What to do: Set down the data below in full and exactly, minus the pictures.

Phrase grounding data
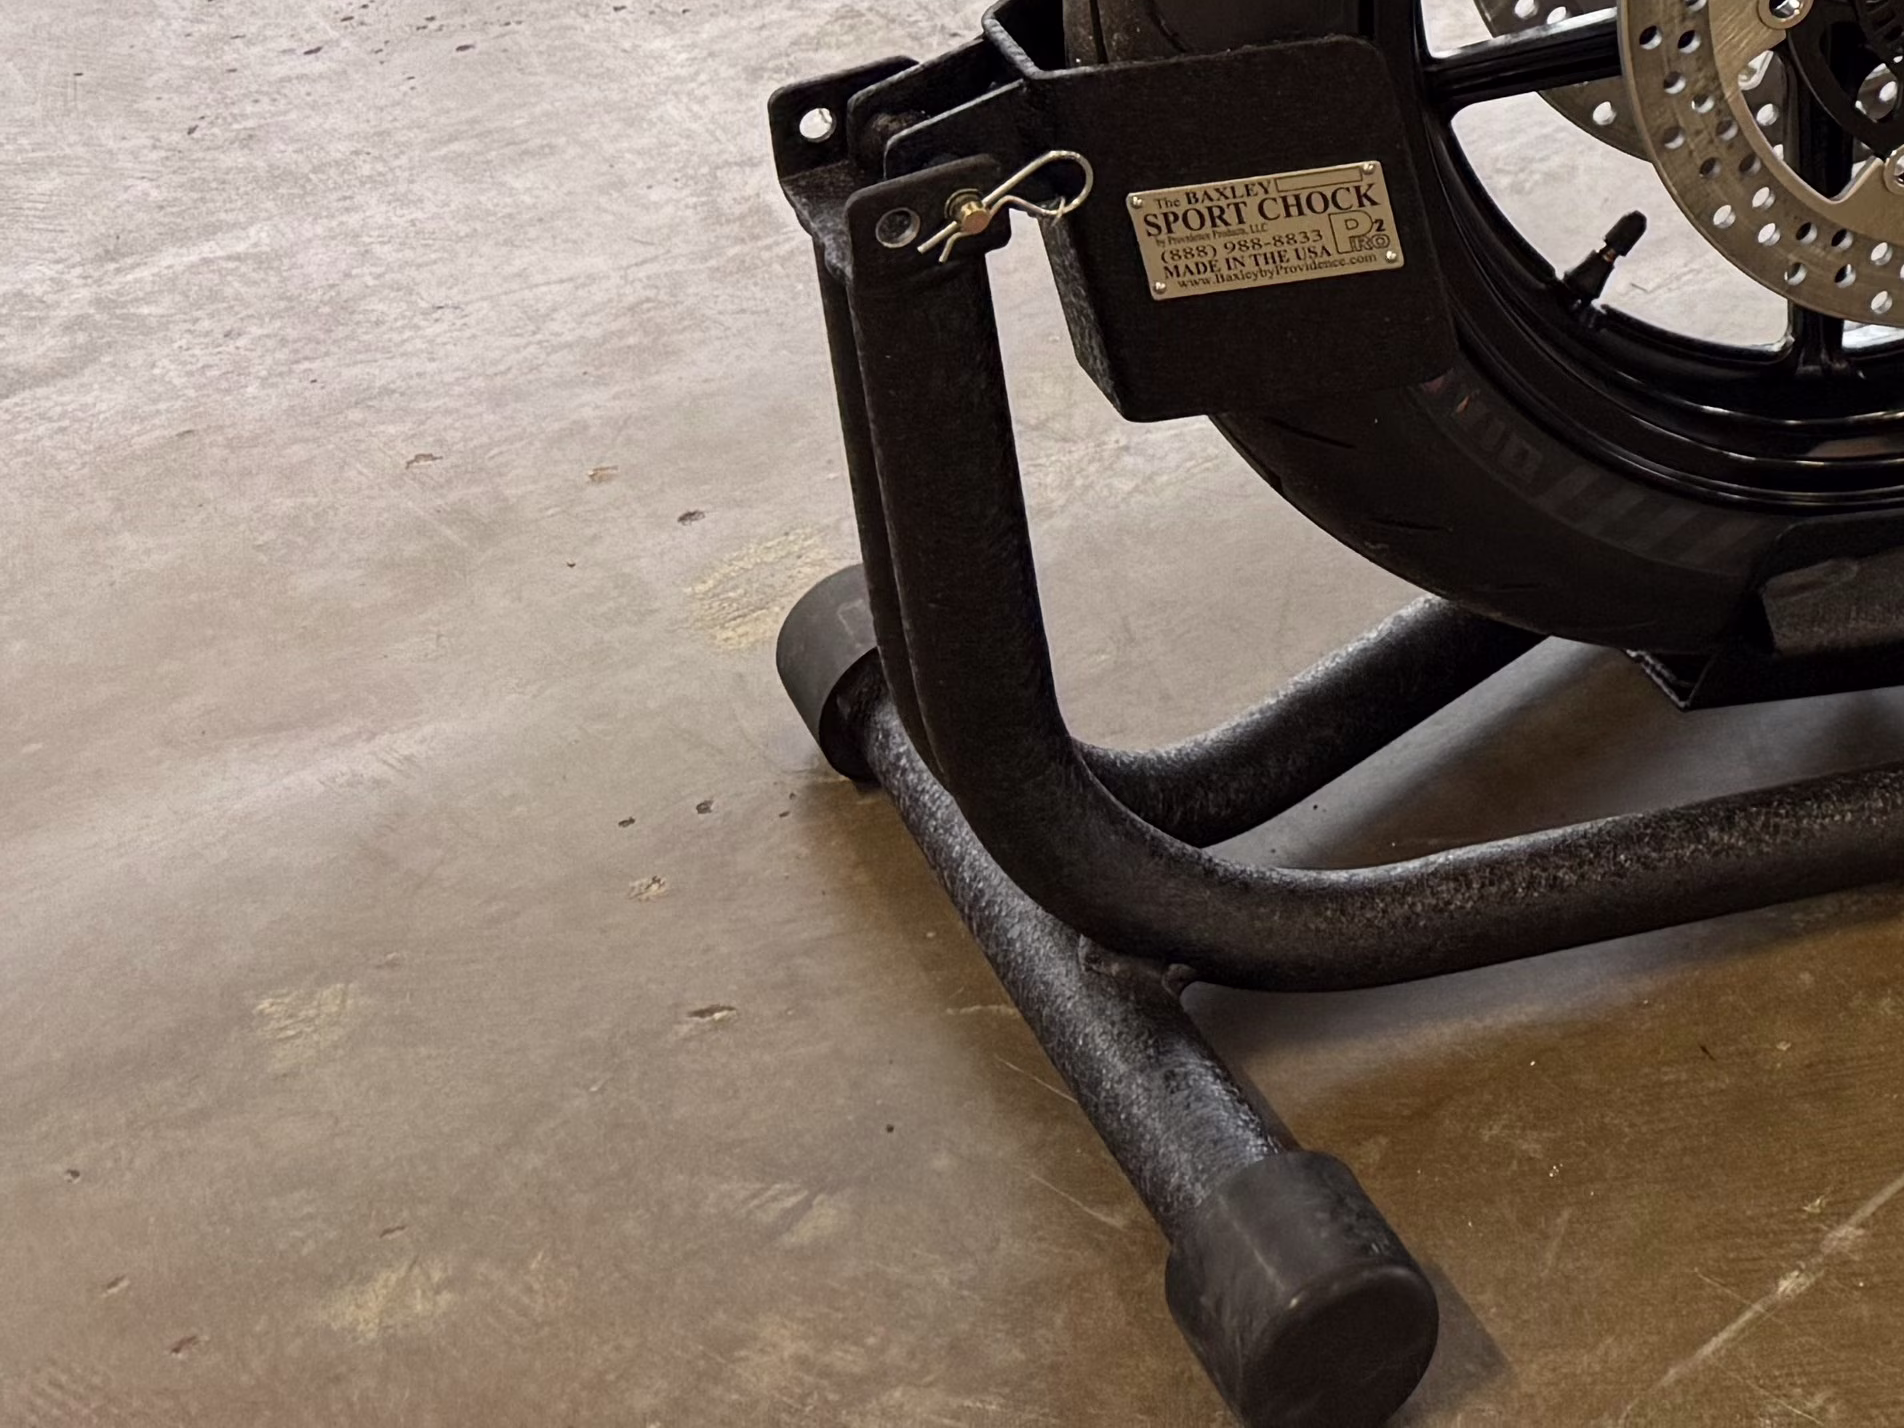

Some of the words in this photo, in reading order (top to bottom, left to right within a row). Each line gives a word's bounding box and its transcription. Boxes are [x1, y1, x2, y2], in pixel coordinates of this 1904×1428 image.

[1143, 200, 1248, 237] SPORT
[1257, 182, 1381, 221] CHOCK
[1153, 197, 1181, 209] The
[1184, 178, 1272, 205] BAXLEY
[1160, 244, 1218, 265] (888)
[1223, 229, 1324, 255] 988-8833
[1163, 259, 1222, 280] MADE
[1225, 256, 1246, 271] IN
[1249, 248, 1290, 268] THE
[1294, 245, 1332, 262] USA
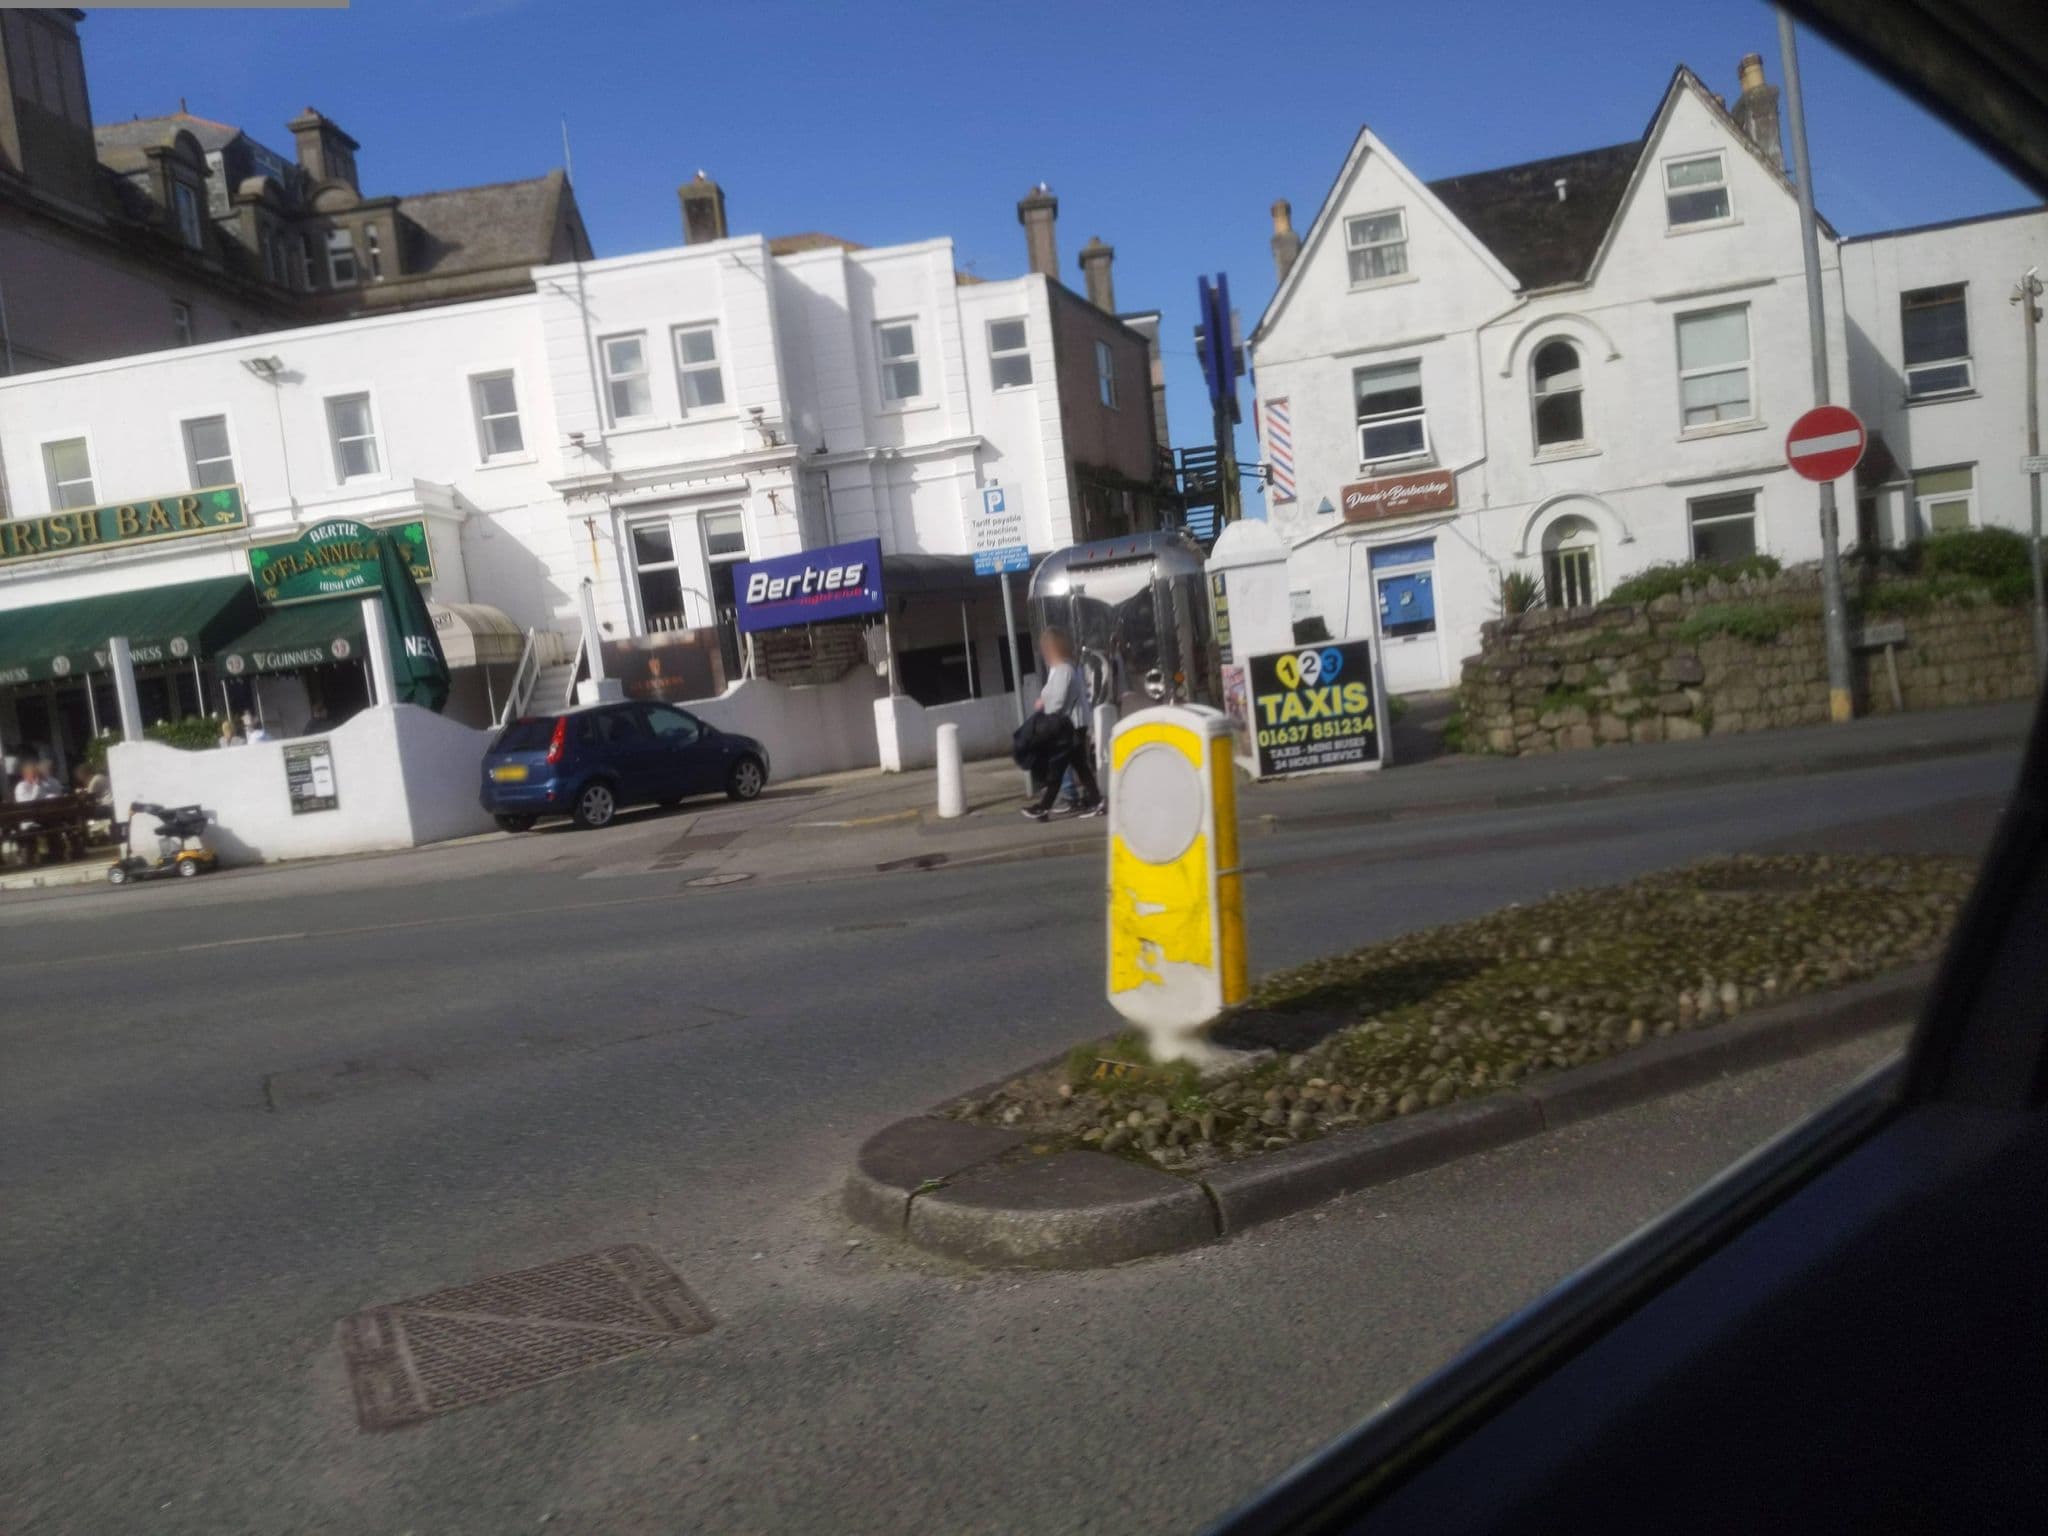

Exercise solution:
Some of the words in this photo, in reading order (top to bottom, left to right within a row). Each line gives a word's bounding box and its transcription. Boxes are [x1, y1, x2, y2], in pixel coordinates of this 1904×1428 image.

[1143, 200, 1248, 237] SPORT
[1257, 182, 1381, 221] CHOCK
[1153, 197, 1181, 209] The
[1184, 178, 1272, 205] BAXLEY
[1160, 244, 1218, 265] (888)
[1223, 229, 1324, 255] 988-8833
[1163, 259, 1222, 280] MADE
[1225, 256, 1246, 271] IN
[1249, 248, 1290, 268] THE
[1294, 245, 1332, 262] USA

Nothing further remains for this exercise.